Tuesday, December 14, 2010

Visualising Urban Geography Workshop at National Library of Scotland

Poor Relief Recipients (with identifiable Edinburgh addresses) from Jedburgh and Melrose parishes Poor Law Records volumes 1852-1930
At the AddressingHistory Launch Event, Professor Richard Rodger mentioned a workshop on 6th December at the Maps Reading Room, National Library of Scotland, to explore their new web-based resources, based on the work they've done for Edinburgh; and in spite of the snowy conditions, I attended this. Although they advertised the workshop for a general audience, it contained a lot of discussion about the technologies involved in the website, as well as a hands-on opportunity to show a set of data on a map.

Chris Fleet began by showing us a variety of maps, prospect views, plans, aerial photos, and digital maps of Edinburgh, all part of the 20,000 items digitised over the last 15 years. Key to this is their collection of geo-referenced maps, maps that can be perfectly positioned in relation to another map by using lots of co-ordinates, and it’s these maps that allow data about locations of people and objects to be combined with maps. Chris demonstrated how new geo-referenced maps could be produced using free technology and said he would be delighted to hear from anyone interested in volunteering to produce new maps.

Professor Richard Rodger then demonstrated the Visualising Urban Geography project with some exciting tools bringing together sets of historical geo-referenced maps, social and demographic information to analyse and present data in more detail than at the AddressingHistory launch in November. He showed Edinburgh as a collection of registration districts, the growth of Edinburgh since medieval times, as a comparison of sanitary districts and property rents, as a comparison of advocates and solicitors homes over time, the occupations of Edinburgh’s colony residents and discussed the historical reasons for the changes we saw on the maps.
He showed too, how they could accurately measure distances and areas of land, which could be useful to a lot of professions.

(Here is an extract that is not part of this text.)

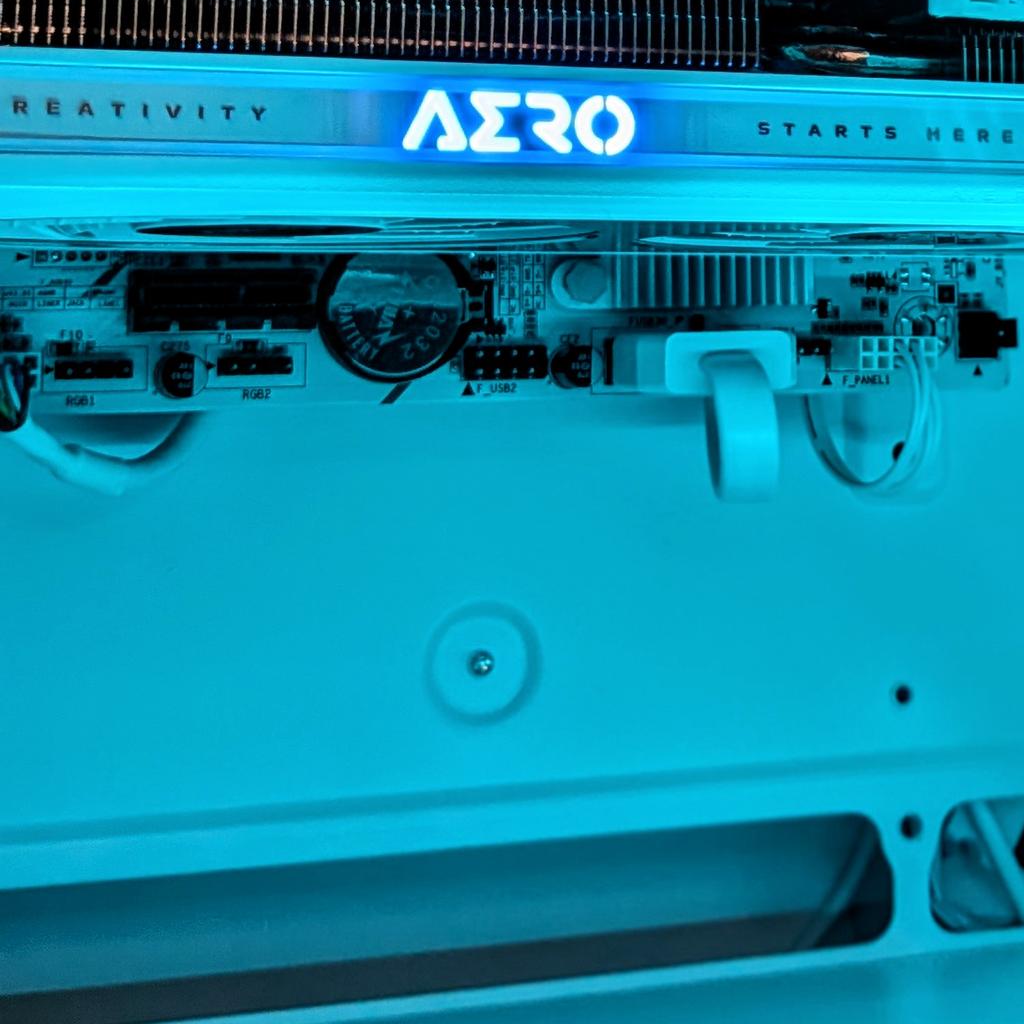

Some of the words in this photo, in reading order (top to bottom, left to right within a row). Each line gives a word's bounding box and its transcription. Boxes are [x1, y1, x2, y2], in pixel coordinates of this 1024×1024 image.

Stuart Nicol discussed the technologies involved which was rather complicated, and I think most of us were glad that this was followed by a coffee break.

After the break we had a go at using one of their tools, ExtMap (now Map Builder), to plot a set of trades-people on a map of Edinburgh, using spreadsheet sets of data that Professor Rodger’s team had extracted from a 1911 post office directory. There were coal merchants, cycle repairers, dairymen, egg-producers, and many other trades. Using their instructions, I managed to plot the egg- producers, who surprisingly were concentrated in northeast Edinburgh and on the road to Leith. Professor Rodger explained that often it’s difficult to guess, when looking at a mass of data, what plotting locations on a map will show, but the resulting map often presents new insights.

Since the workshop I’ve used the data from our publications of Poor Law Records for Melrose and Jedburgh to plot recipients of poor relief (see the yellow circles), who lived in Edinburgh, and that's in the picture. I'd like to be able to show this as an interactive web page, and a future intention is to show recipients in Jedburgh on a map, and those recipients that lived in the bit of Galashiels that was in Melrose parish on a map of Galashiels.